3.2 Withholding of Taxes. The Company shall withhold from any amounts payable under this Agreement all federal, state, city, or other taxes as legally shall be required.
3.3 Reimbursement and In-Kind Benefits. Notwithstanding anything to the contrary in this Agreement, to the extent this Agreement provides for reimbursements of expenses incurred by the Executive or in-kind benefits the provision of which are not exempt from the requirements of Section 409A of the Code, the following terms apply with respect to such reimbursements or benefits: (1) the reimbursement of expenses or provision of in-kind benefits will be made or provided only during the period of time specifically provided herein; (2) the amount of expenses eligible for reimbursement, or in-kind benefits provided, during a calendar year will not affect the expenses eligible for reimbursement, or in-kind benefits to be provided, in any other calendar year;
(3) all reimbursements will be made upon the Executive’s request in accordance with the Company’s normal policies but no later than the last day of the calendar year immediately following the calendar year in which the expense was incurred; and (4) the right to the reimbursement or the in-kind benefit will not be subject to liquidation or exchange for another benefit.

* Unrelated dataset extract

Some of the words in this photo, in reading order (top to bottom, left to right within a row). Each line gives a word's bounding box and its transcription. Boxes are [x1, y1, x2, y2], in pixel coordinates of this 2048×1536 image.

Article 4. Restrictive Covenants
In consideration of the Severance Benefits, the following shall apply:
(a) Noncompetition. During the term of employment and for a period of twelve (12) months after the Executive’s employment terminates for any reason, the Executive shall not with respect to the coal industry: (i) directly or indirectly act in concert or conspire with any person employed by the Company or any of its subsidiaries in order to engage in or prepare to engage in or to have a financial or other interest in any business or any activity which he knows (or reasonably should have known) to be directly competitive with the business of the Company and its subsidiaries as then being carried on; or (ii) serve as an employee, agent, partner, shareholder, director or consultant for, or in any other capacity participate, engage, or have a financial or other interest in, any business or any activity which he knows (or reasonably should have known) to be directly competitive with the business of the Company and its subsidiaries as then being carried on (provided, however, that notwithstanding anything to the contrary contained in this Agreement, the Executive may own up to two percent (2%) of the outstanding shares of the capital stock of a company whose securities are registered under Section 12 of the Exchange Act).

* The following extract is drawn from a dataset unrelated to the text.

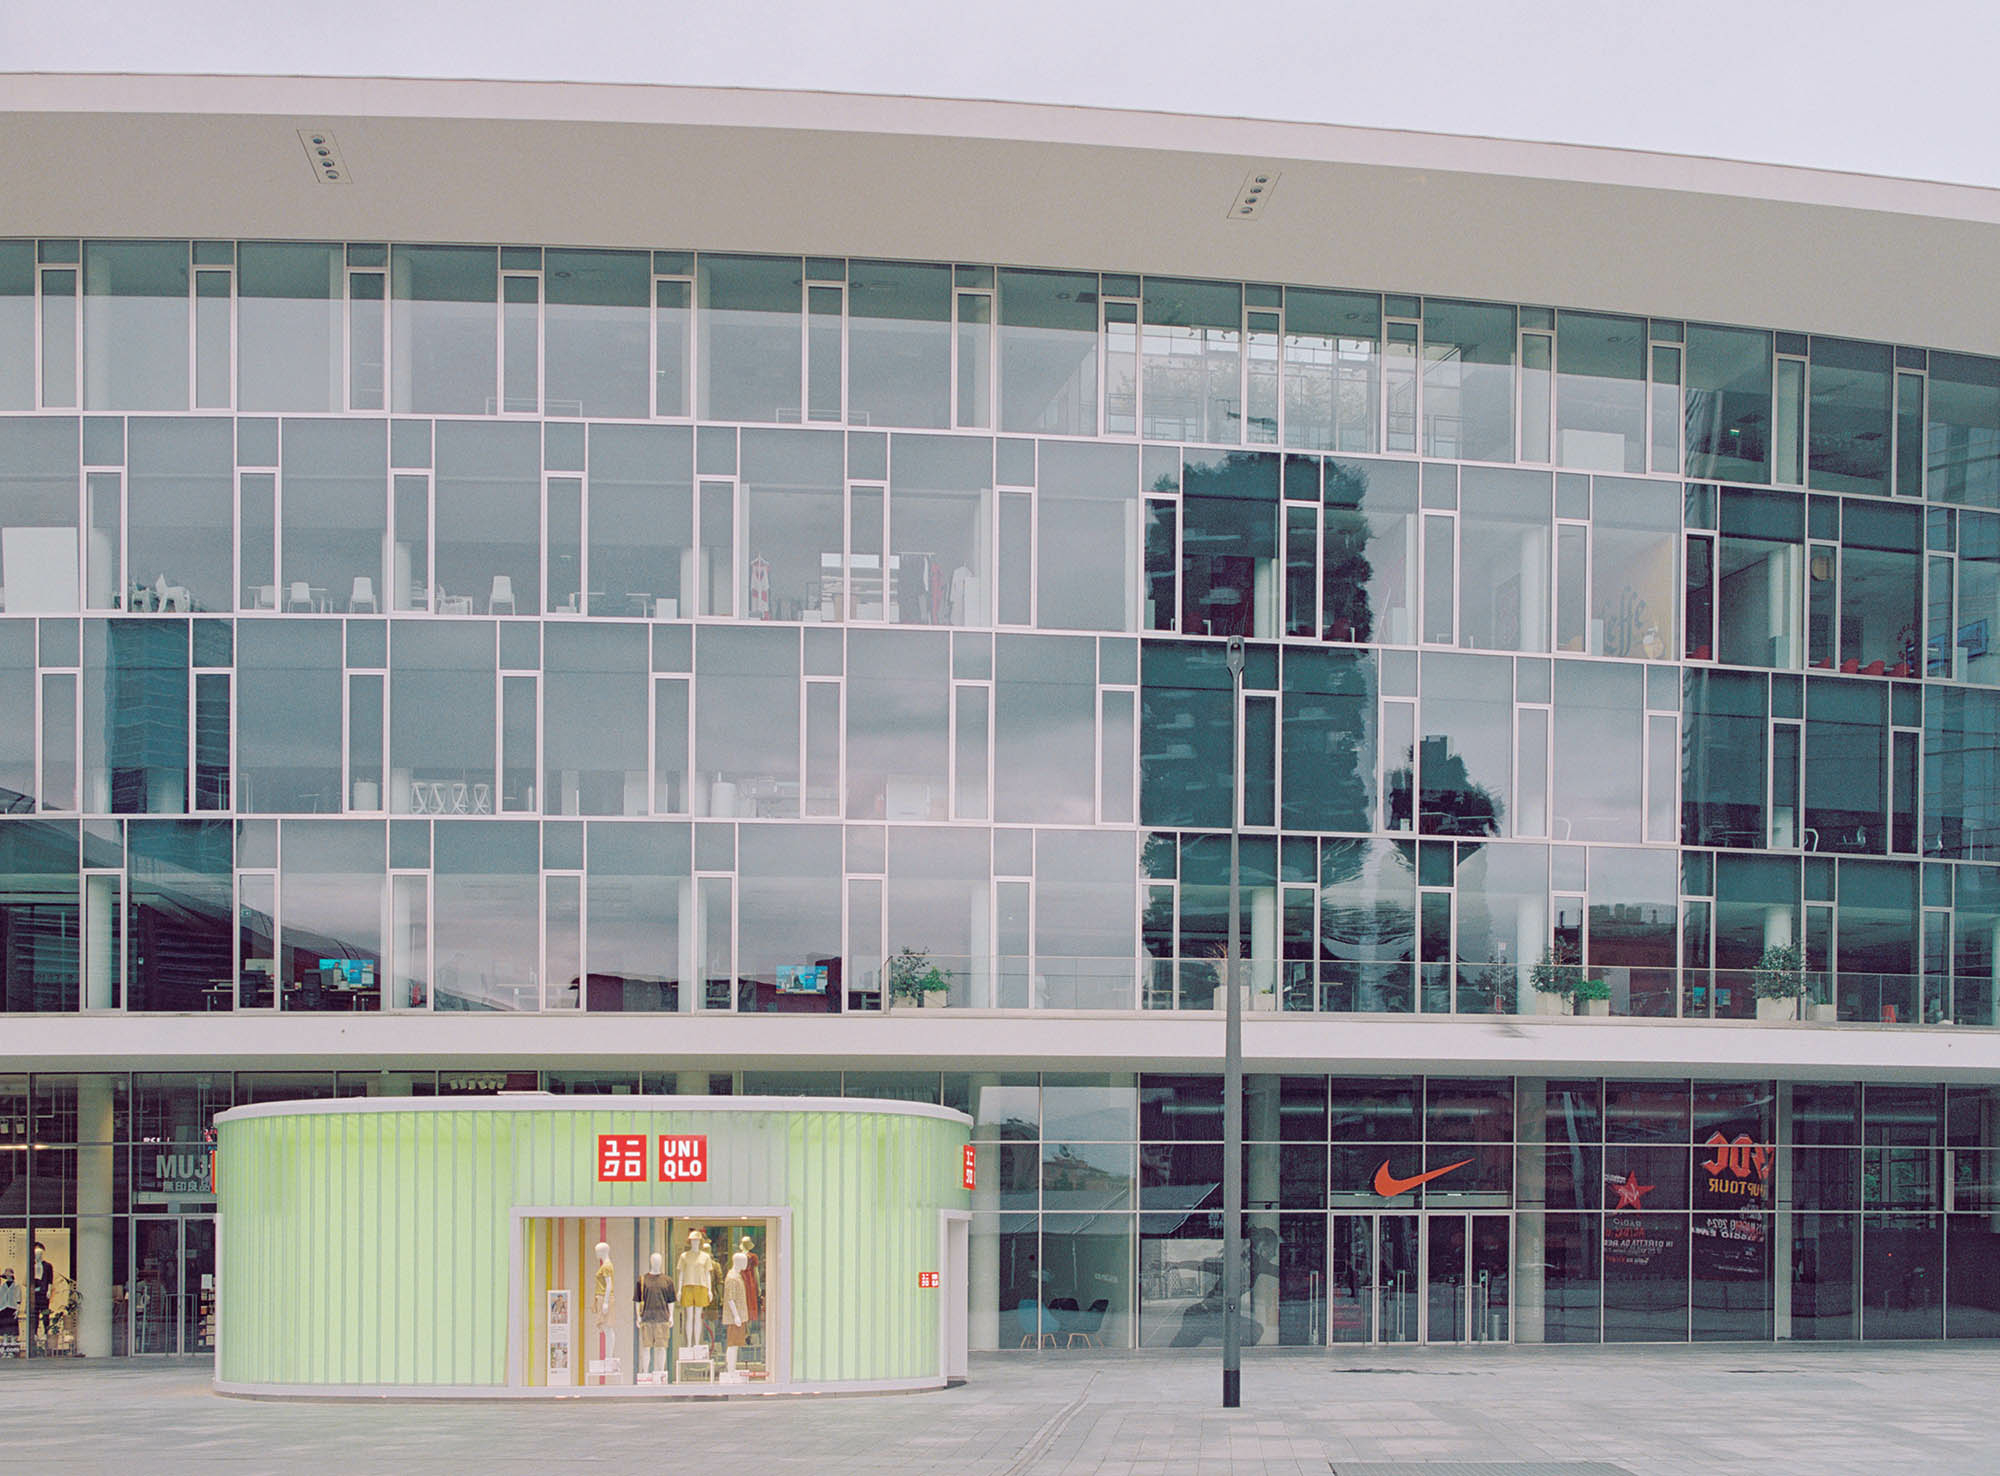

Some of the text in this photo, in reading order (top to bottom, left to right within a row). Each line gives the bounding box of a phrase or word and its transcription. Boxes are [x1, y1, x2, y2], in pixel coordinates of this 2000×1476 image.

[664, 1140, 699, 1157] UNI
[156, 1154, 209, 1179] MUJ
[664, 1160, 702, 1179] QLO

(b) Confidentiality. The Company has advised the Executive and the Executive acknowledges that it is the policy of the Company to maintain as secret and confidential all Protected Information (as defined below), and that Protected Information has been and will be developed at substantial cost and effort to the Company. All Protected Information shall remain confidential permanently and the Executive shall not at any time, directly or indirectly, divulge, furnish, or make accessible to any person, firm, corporation, association, or other entity (otherwise than as may be required in the regular course of the Executive’s employment with the Company), nor use in any manner, either during the term of employment or after termination, at any time, for any reason, any Protected Information, or cause any such information of the Company or any of its subsidiaries to enter the public domain.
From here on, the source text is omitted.